The numeric tests are a set of tests for profiling our performance of some operations on random matrix comparing to MKL, the result will be written to a text file in build folder.
A bash script is provided for doing all of the tests, another bash script is provided to produce all the graphs. To reproduce the result in the paper, please do:
./all_tests.sh
./all_plot.sh
You can also just pick the test to run by just going into the script and pick the ones you want to do.
The numeric tests will take longer and is recommended to be commented out if you just want to see the results for real world applications.
EGGS can be plugged into current code with the following steps, suppose you have declared two Eigen sparse matrix:
Eigen::SparseMatrix<double> A;
Eigen::SparseMatrix<double> B;
// setup A and B
Then first, you will need to convert the structure using the implemented function in utils.h under include/igl/inline_expansion
Eigen::SparseMatrix<ie::NumericType> A_Numeric = ie::to_sparse_numeric<double, Eigen::ColMajor>(A, 0);
Eigen::SparseMatrix<ie::NumericType> B_Numeric = ie::to_sparse_numeric<double, Eigen::ColMajor>(B, 1);
The first input of this matrix will be the sparse matrix itself, the second one is the matrix id. The matrix id is the order of how you will pass in the datas when doing numeric computation. Note that, you will eventually group the input values in a vector, so the matrix ids should start from 0 and no gaps between ids.
At this step, you can perform symbolic executions, for example, you can do:
Eigen::SparseMatrix<ie::NumericType> Result_Numeric = A_Numeric * B_Numeric;
And the SparseMatrix Result_Numeric will have structual information of what is done to each entries in A and B to get the result.
In order to assemble the final matrix, you should save the outerIndex and innerIndex from Result_Numeric since we only compute the values.
Now you will want to pass in the structure information to an executor by the following:
ie::NumericExecutor ex = ie::NumericExecutor(Result_Numeric, 0);
The 0 was a selection for method which was in a very old version, for now just leave it there.
The executor will generate code and compile it and link it against the application.

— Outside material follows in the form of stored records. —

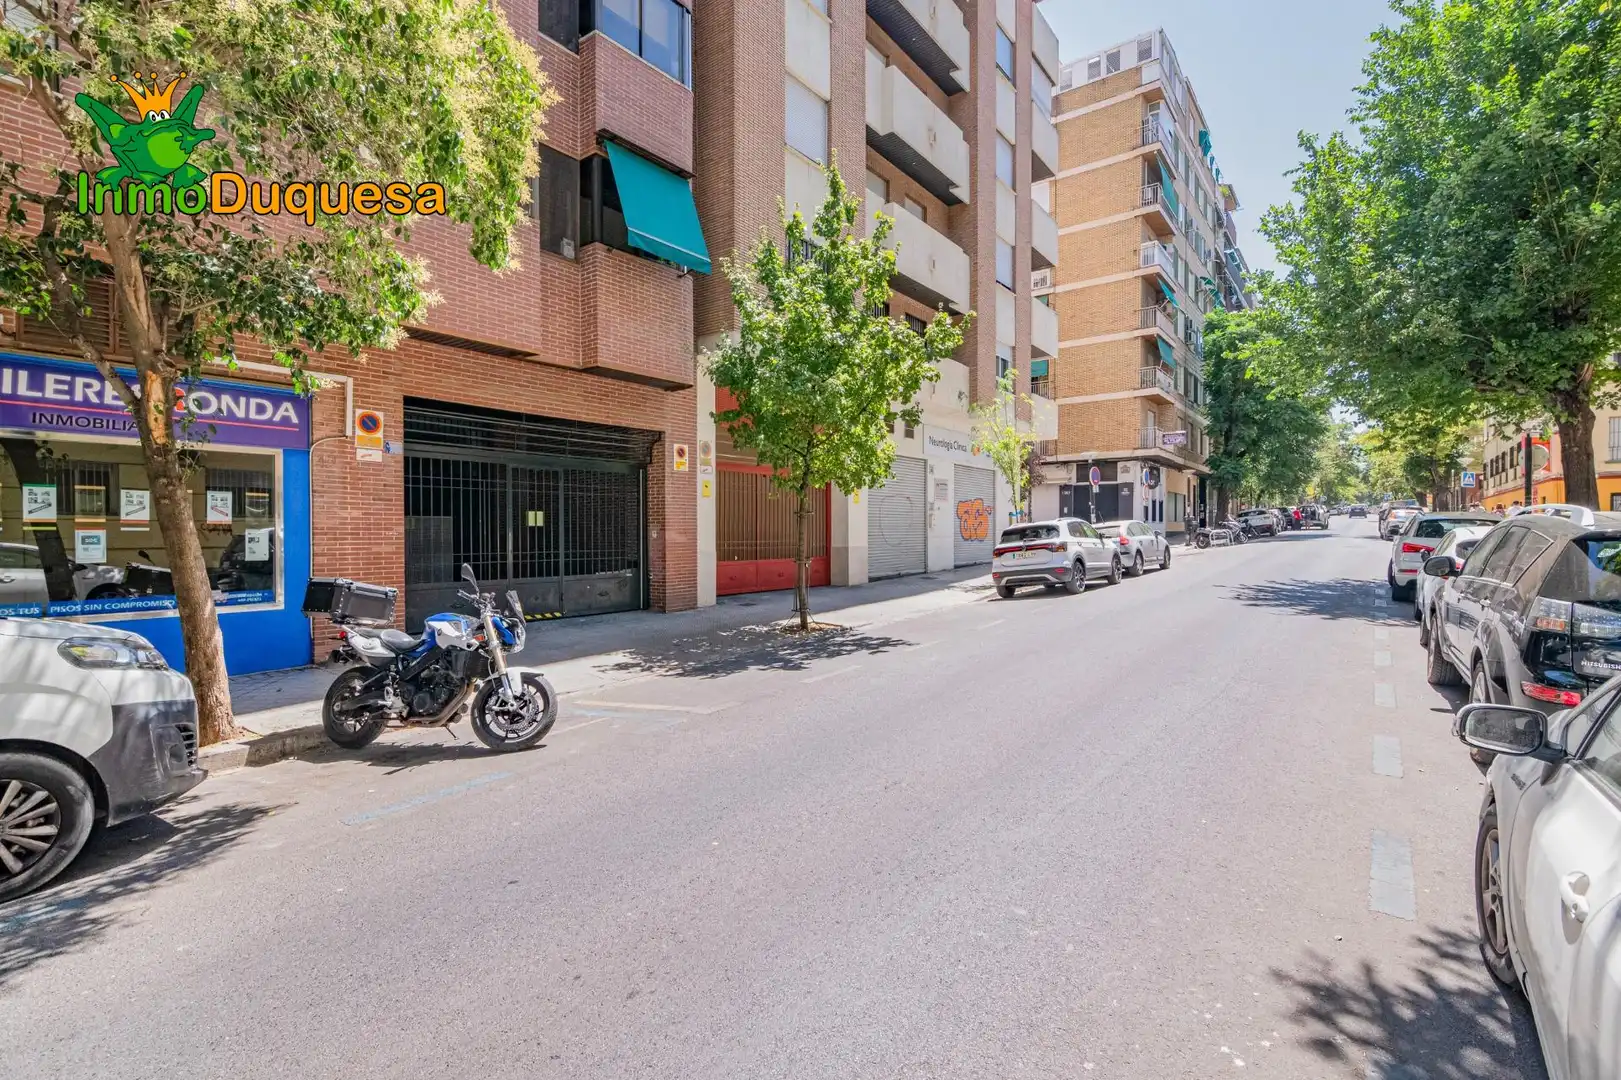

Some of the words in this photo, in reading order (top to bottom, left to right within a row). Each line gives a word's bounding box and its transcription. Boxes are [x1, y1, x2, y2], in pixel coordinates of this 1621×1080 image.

[19, 606, 40, 615] TUS
[50, 605, 82, 614] PISOS
[84, 603, 102, 612] SIN
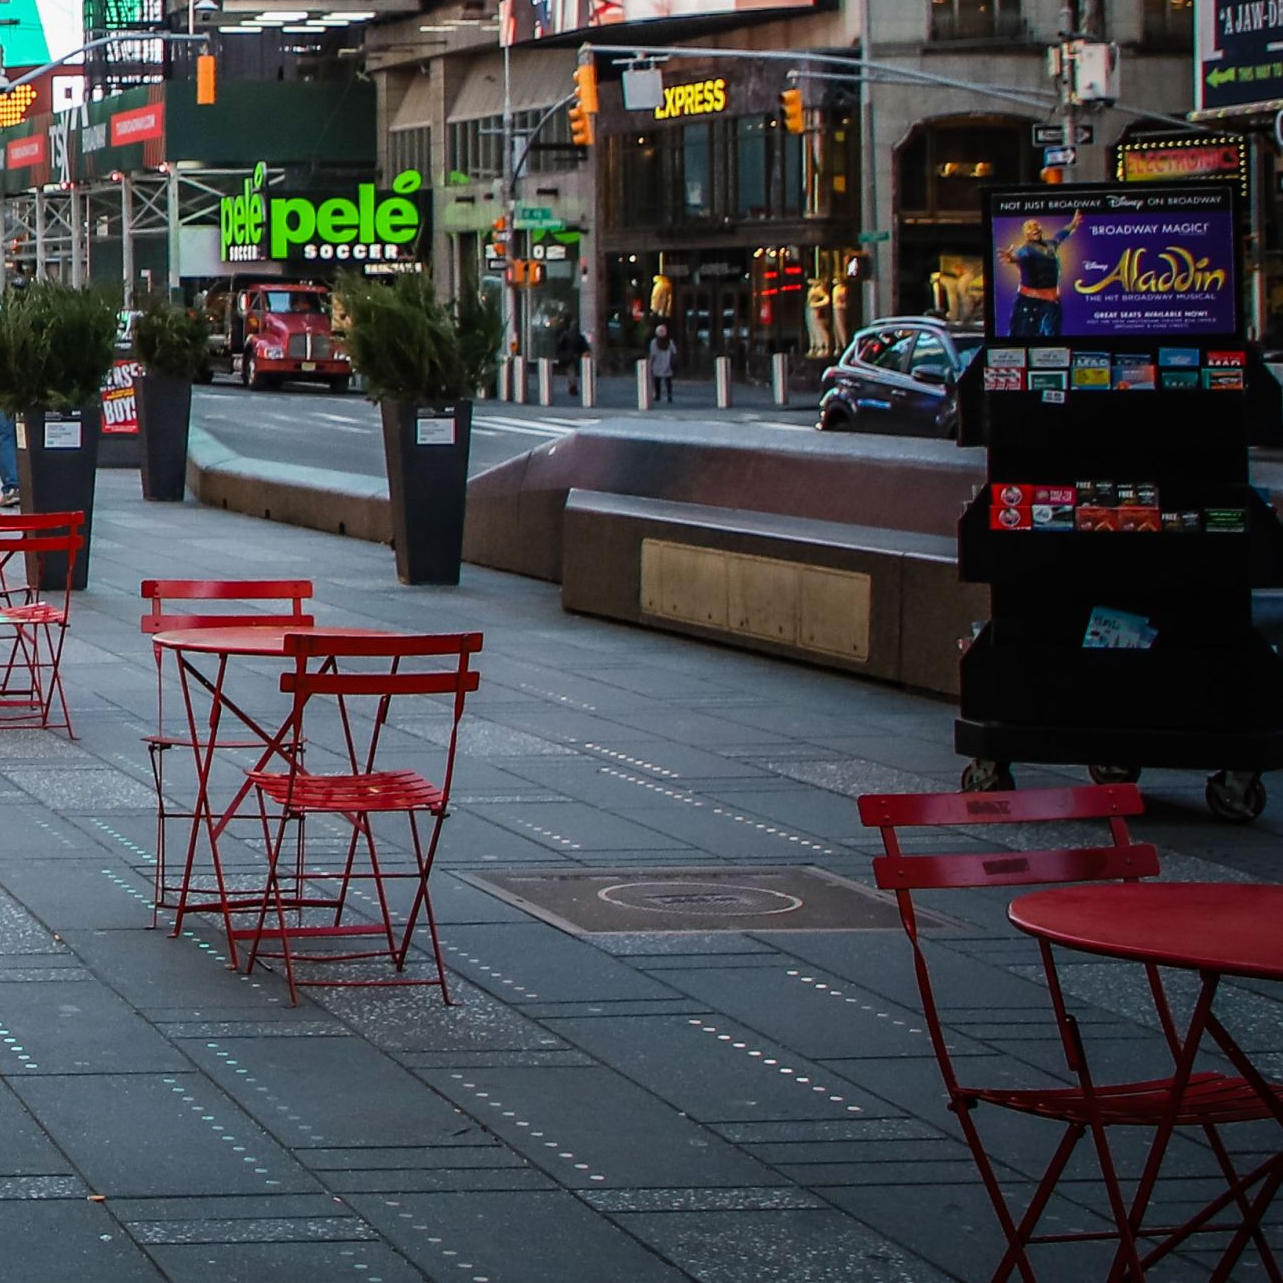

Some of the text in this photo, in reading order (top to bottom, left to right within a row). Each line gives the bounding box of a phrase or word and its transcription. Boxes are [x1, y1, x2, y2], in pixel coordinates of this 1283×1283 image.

[1126, 147, 1237, 174] ELECTRONICS
[220, 161, 267, 262] pelé
[1000, 195, 1222, 211] NOT JUST BROADWAY Disney ON BROADWAY
[271, 169, 423, 259] pelé
[230, 246, 257, 261] SOCCER
[305, 243, 399, 260] SOCCER
[1074, 247, 1226, 294] Aladdin
[1122, 294, 1174, 302] BROADWAY
[1176, 293, 1216, 302] MUSICAL
[1185, 310, 1209, 318] NOW!
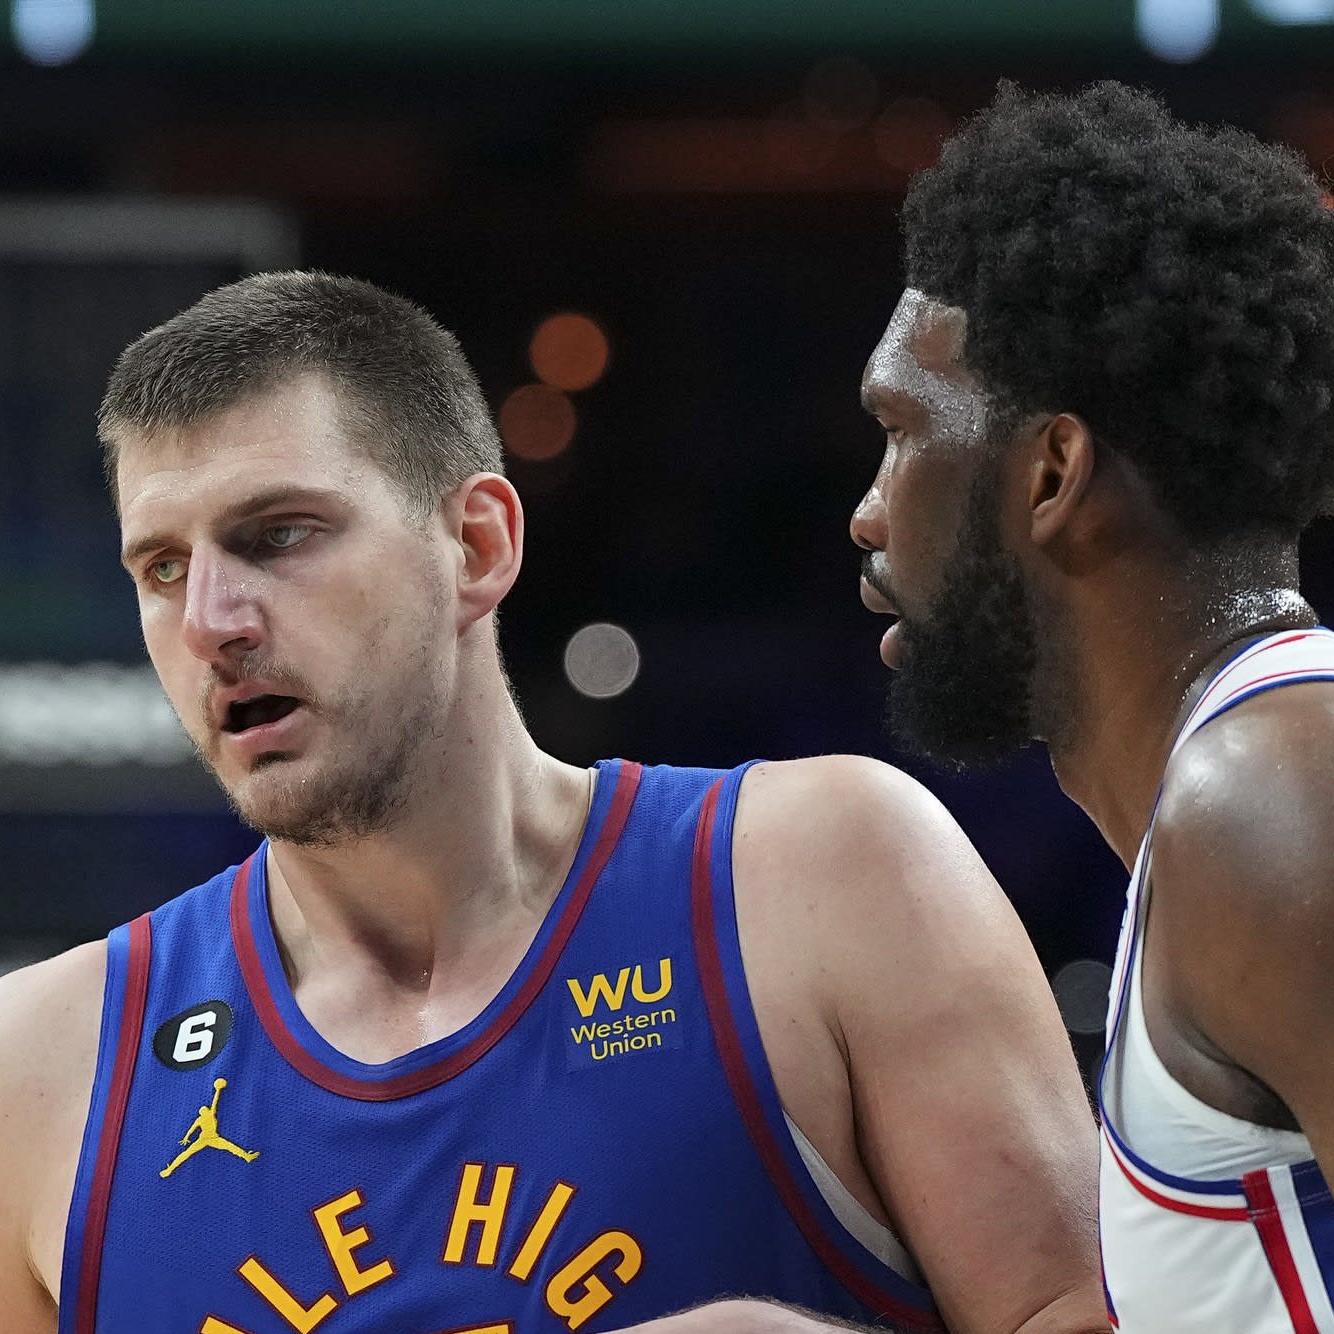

After the compilation is done, you can use the executor to compute the numerical value. A typical way to do this when the value if A and B keeps changing is the following:
// The following are typically only done once
std::vector<vector<double>> DATAS; // declare a vector for input data
DATAS.resize(2); // in this case, we have two input datas
DATAS[0].resize(A.nonZeros()); // reserve space for values of A
DATAS[1].resize(B.nonZeros()); // reserve space for values of B
std::vector<double> RESULTS; // declare a vector for output
RESULTS.resize(Result_Numeric.nonZeros()); // reserve spcae for outputs
// The following are done everytime inputs are changed
DATAS[0].assign(A.valuePtr(), A.valuePtr() + A.nonZeros()); // assign the values of A
DATAS[1].assign(B.valuePtr(), B.valuePtr() + B.nonZeros()); // assign the values of B
ex.ExecuteMulti(DATAS, RESULTS); // execute the multi threaded version
After the execution, the numeric values will be in the RESULTS vector. You can pre-store the structure information of Result_Numeric (the outer index and inner index) to reassemble an Eigen Sparse Matrix. An implementation is done at test_utils.hpp called ConstructSparseMatrix.